The worst cannot be ruled out. Let us imagine for a moment that the funds of the European recovery plan take even longer to be allocated, that industrial and commercial bankruptcies stifle trade, and that a crisis, a real crisis, sets in with its cohorts of unemployed and its stock market collapse. Let us imagine that, at the same time, for fear of weakening his Senate majority, Joe Biden wastes too much time seeking a compromise with the Republicans, that, as a consequence, the recovery of the American economy is compromised and that the loss of confidence in this new president ends up paralysing his team.

Any of these scenarios are possible. They are even so plausible today that we have to imagine their consequences.

Tens of millions of people would quickly plunge into misery. The major European parties and the American Democratic Party would lose credibility. On both sides of the Atlantic, democratic forces would retreat in favour of a rebound of Trumpism in the United States and of the new extreme rights in Europe. This crisis of democracies would lead to a crisis of Democracy itself and a shift of Western voters towards the illusions of social nationalism and an “every man for himself” leading to the “right of all against all”.

Let us not exaggerate, one might say.

We are not there yet, the chorus of serenity will say, and they will be right.

We are not there yet because Thatcherian dogmas are receding while Keynesianism is making a comeback with the European Union loans and the increase in the minimum wage in the United States. For the time being, common sense largely prevails while vaccination is spreading, but look!

Look at Joe Biden’s political culture that brings him so naturally to this desire for compromise born of bygone times when Republicans had not moved so massively to the right of the right wing. Look at Italy’s breathless quest for a majority coherent enough to be truly stable.

Look at Germany, whose conservative majority is so divided by the crumbling taboo on indebtedness. Look at France, where polls promise a neck-and-neck between Emmanuel Macron and Madame Le Pen in the second round of the 2022 presidential election. Look at the madness that has gripped the Netherlands in the face of the constraints of the fight against the pandemic, and look, not the least, at the speed with which a delay in the delivery of vaccines nearly put the European Commission and the whole Union to shame.

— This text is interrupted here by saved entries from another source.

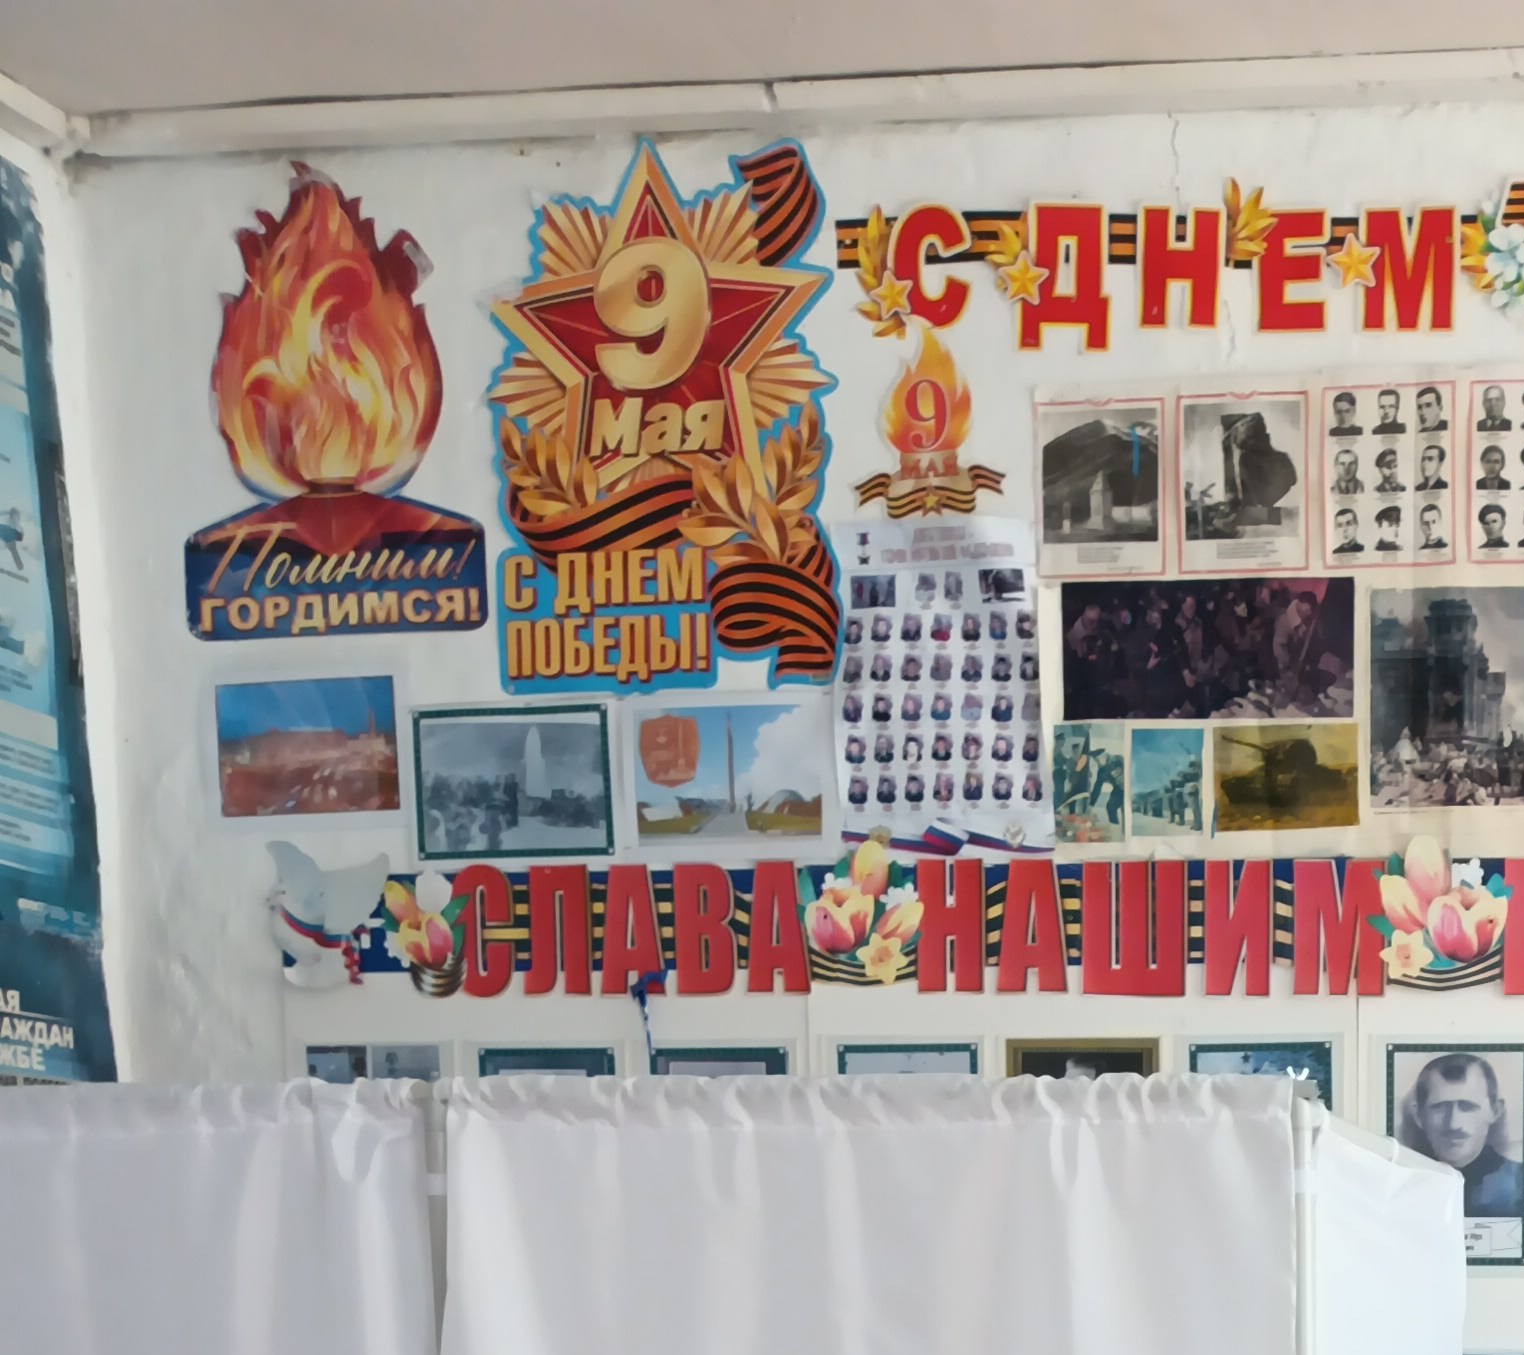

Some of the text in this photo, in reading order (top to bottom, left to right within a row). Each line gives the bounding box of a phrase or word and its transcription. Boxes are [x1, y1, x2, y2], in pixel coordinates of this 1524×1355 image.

[892, 203, 972, 330] С
[1016, 203, 1458, 352] ДНЕМ
[594, 238, 710, 390] 9
[590, 398, 728, 460] Мая
[905, 379, 947, 450] 9
[900, 454, 960, 481] МАЯ
[207, 521, 477, 593] Помним!
[504, 547, 707, 618] С ДНЕМ
[200, 586, 482, 633] ГОРДИМСЯ!
[506, 610, 709, 683] ПОБЕДЫ!
[451, 861, 811, 998] СЛАВА
[916, 857, 1388, 997] НАШИМ

The storm has not yet risen, but it threatens, on both sides of the Atlantic, and it will not be avoided without saying loud and clear that we must not only hasten but double the recovery effort in Europe and not wait for an agreement with the Republicans to launch it in the United States.

The Biden team proposes the idea of a Summit of Democracies to affirm a common front against dictatorships and democratorships. Yes, very good. Let’s do it, as soon as possible, but let’s do it so that it’s an opportunity to announce that the Democracies will together advocate massive investment in infrastructure, medical research, and industries of the future, that they will do it themselves, through borrowing and without delay, that they will together help the poorest countries to fight this pandemic, and that they will give themselves the means to transform the Atlantic Alliance into an alliance of equal partners in rights and duties.

Without this, without the clear formulation of these four common objectives, Europe and the United States will give neither a horizon to their electorate nor democratic faith to the rest of the world and will not, in a word, avoid this rumbling earthquake.